Job Details

West Leland Group is supporting a commercial-stage pharmaceutical company strengthening its Quality Management System and compliance infrastructure. We are seeking a Senior Director, Quality Systems who will manage quality system functions covering manufacturing, packaging, laboratory, warehouse, IT, and external partner operations. This leader will maintain a strong state of compliance with applicable regulations while shaping systems, processes, and personnel supporting inspection readiness and continuous improvement.

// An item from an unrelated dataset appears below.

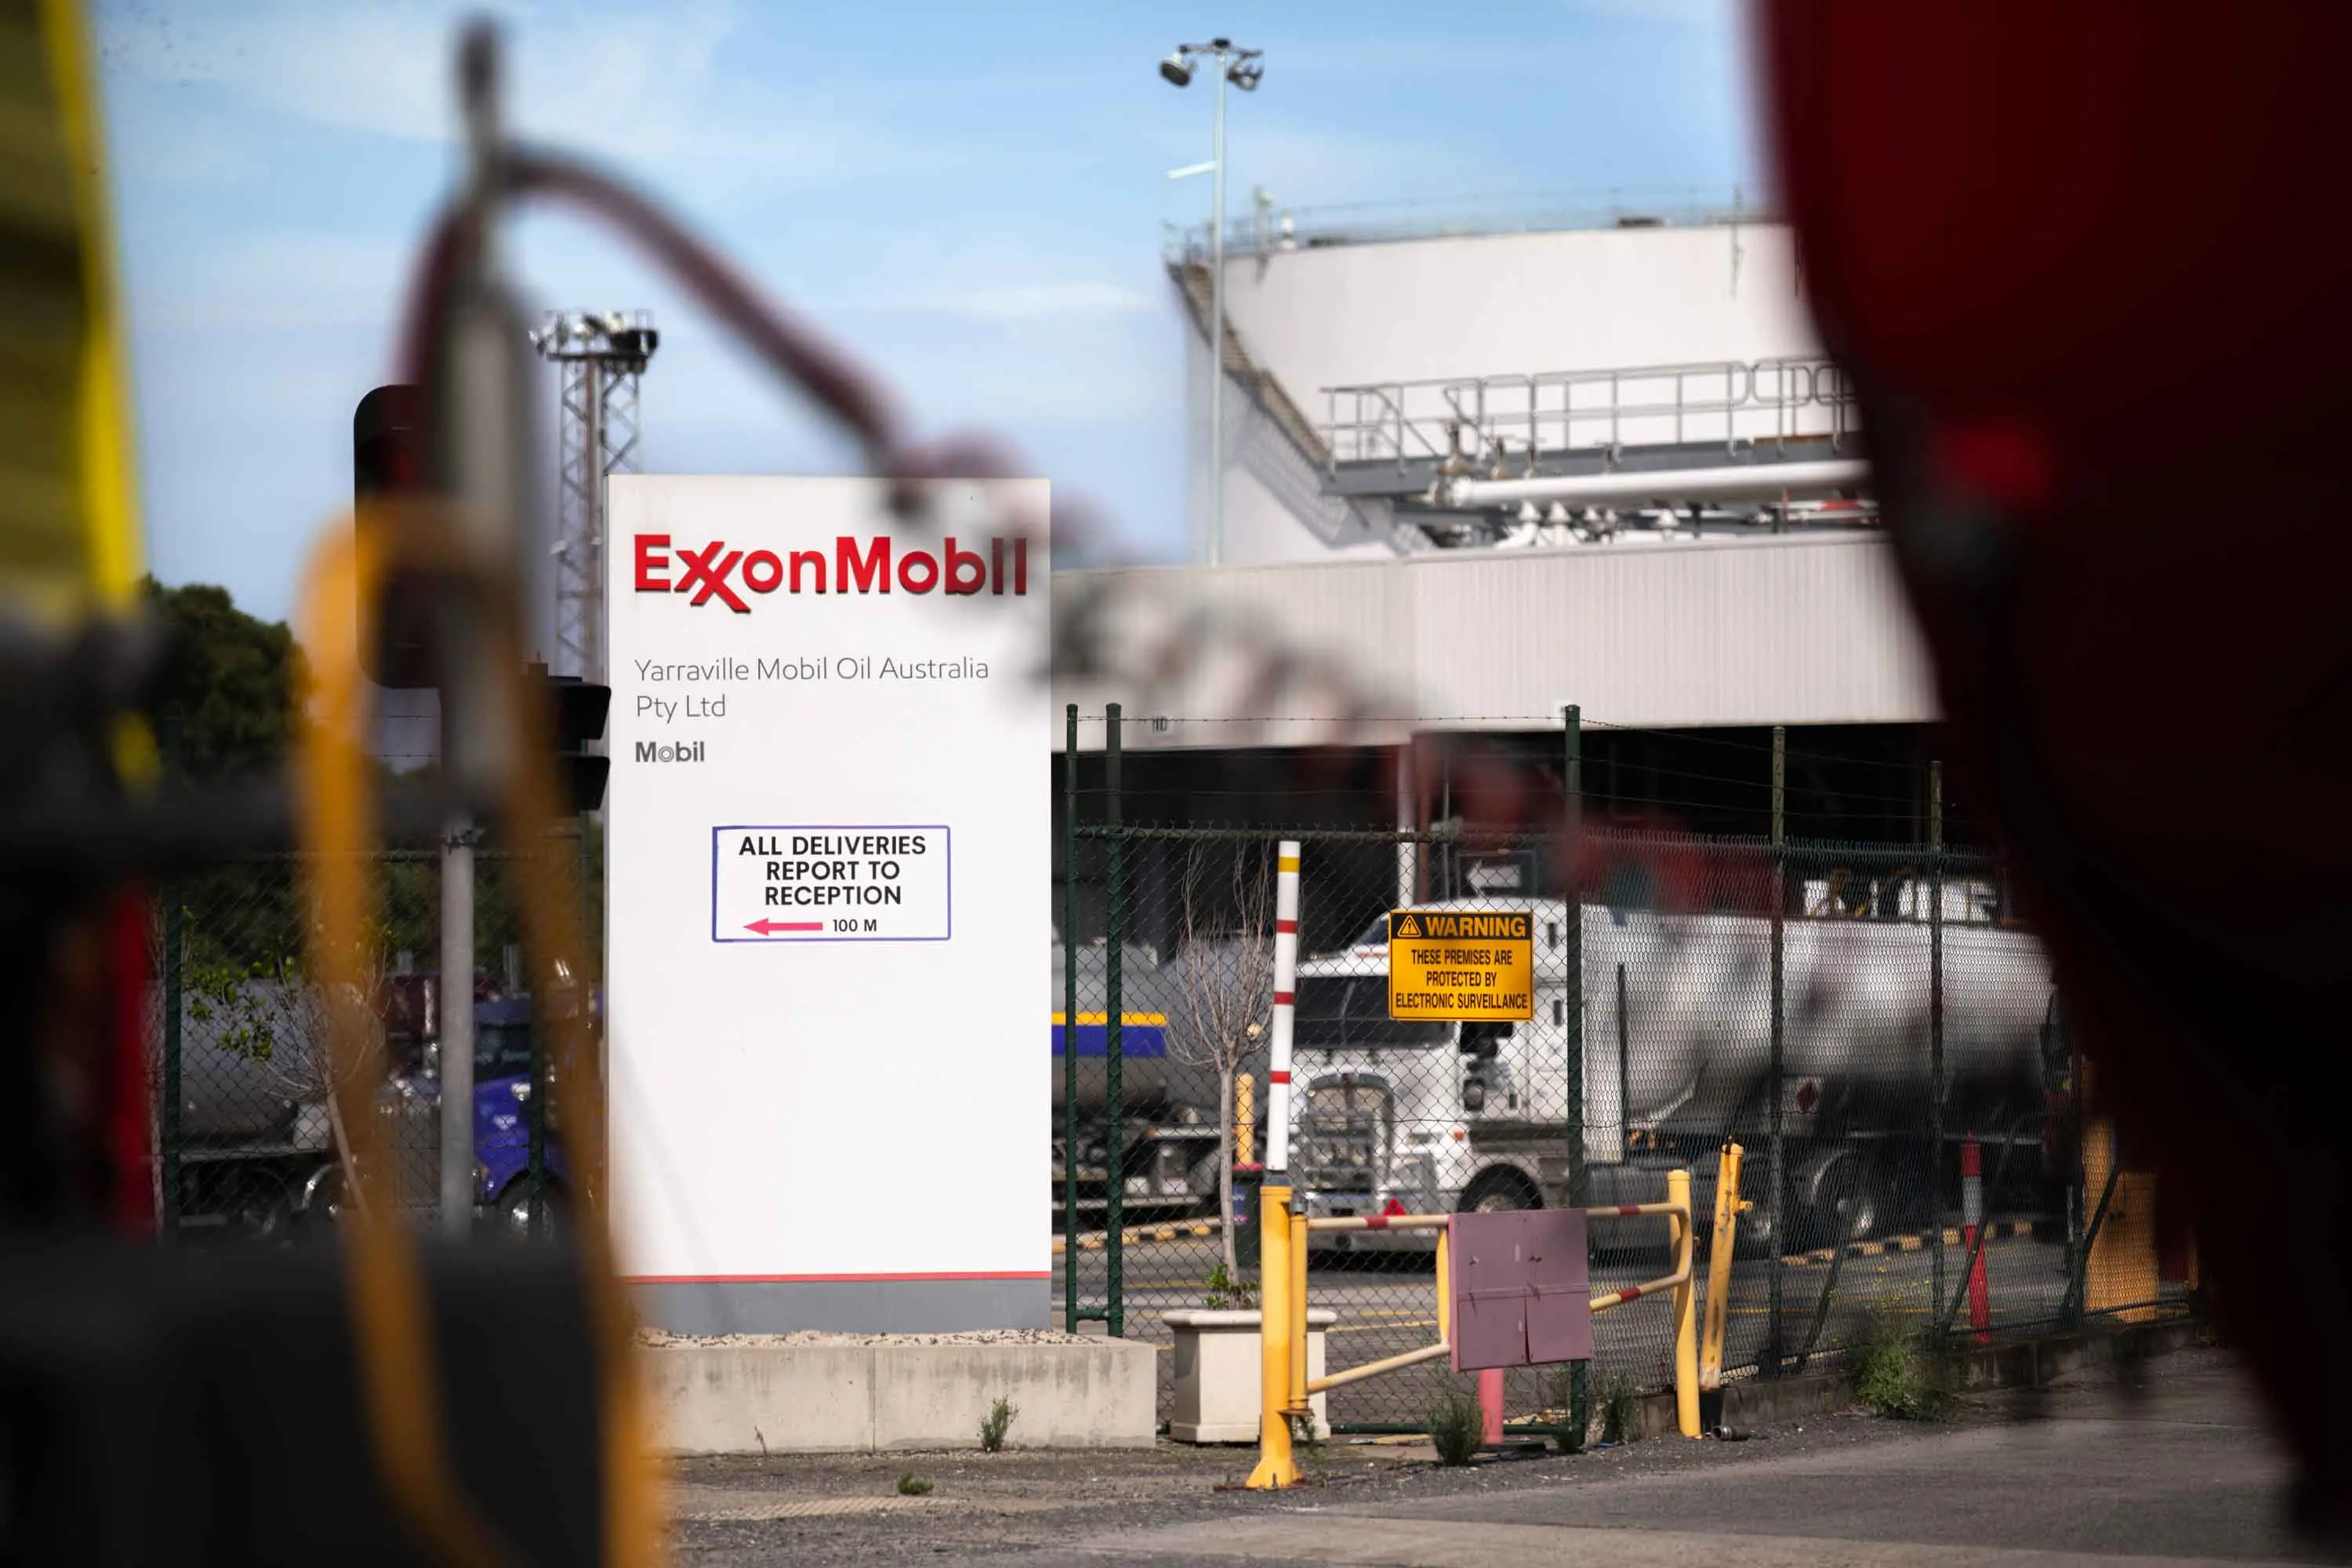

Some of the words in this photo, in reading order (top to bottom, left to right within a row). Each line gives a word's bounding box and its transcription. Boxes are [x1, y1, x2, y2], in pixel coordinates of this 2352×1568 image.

Location: On-Site (Greenville, SC)

What You'll Do

• Lead the development, implementation, and maintenance of the company's GxP Quality Management System to ensure compliance with regulatory requirements.
• Direct Document Control, External Quality, and Quality Systems teams, including responsibility for staffing, performance coaching, training, and professional development.
• Establish effective quality processes and monitor compliance through quality metrics and routine management reviews.
• Provide oversight of product documentation, including batch records, specifications, and finished goods release supporting compliant lifecycle management.
• Make risk-based decisions for deviations, CAPAs, change controls, complaints, and product disposition.
• Maintain a proactive state of inspection readiness through management of the internal audit program and leadership during partner audits and regulatory inspections.
• Ensure appropriate oversight of facilities, utilities, equipment, environmental monitoring, and preventative maintenance activities.
• Lead Quality Council activities, evaluate trends, escalate issues, and recommend continuous improvement opportunities.
• Maintain the risk register and direct prioritization and remediation strategies.
• Ensure document integrity and alignment with ALCOA principles throughout GxP processes.
• Lead cross-functional change governance including review and approval of change requests.
• Oversee supplier quality activities including qualification, Quality Agreements, audits, and follow-up on corrective actions.
• Partner collaboratively across internal functions and external stakeholders to resolve issues and support operational efficiency.

What You Bring

• Bachelor's degree in a scientific or related discipline required; advanced degree preferred.
• 15+ years of pharmaceutical industry experience with increasing levels of responsibility in Quality Assurance.
• 10+ years of leadership experience managing quality system functions.
• Experience across multiple areas of Quality including auditing, investigations, complaints, electronic systems, commercialization, and regulatory inspection support.
• Strong knowledge of FDA regulations and proven success implementing compliant systems in dynamic environments.
• Experience supporting external manufacturing and supplier oversight preferred.
• Excellent communication, conflict management, and decision-making skills.

Why Join

• High-impact leadership role overseeing quality system effectiveness across the business.
• Opportunity to strengthen inspection readiness and compliance strategy.
• Meaningful work supporting patient safety and consistent product quality.

About West Leland Group

West Leland Group is a boutique recruiting firm specializing in Quality, Regulatory, and R&D roles for medical device, biotech, and pharmaceutical companies. With deep industry expertise and a long-term, relationship-driven approach, we help innovative organizations build the teams driving better health outcomes. Thoughtful Search. Purposeful Hiring.

This search is being managed by West Leland Group on behalf of our client. West Leland Group is an equal opportunity search partner. Qualified applicants will be considered for employment without regard to race, color, religion, sex, sexual orientation, gender identity, national origin, disability, or veteran status. This is a direct-hire position with a client company offering competitive compensation and benefits.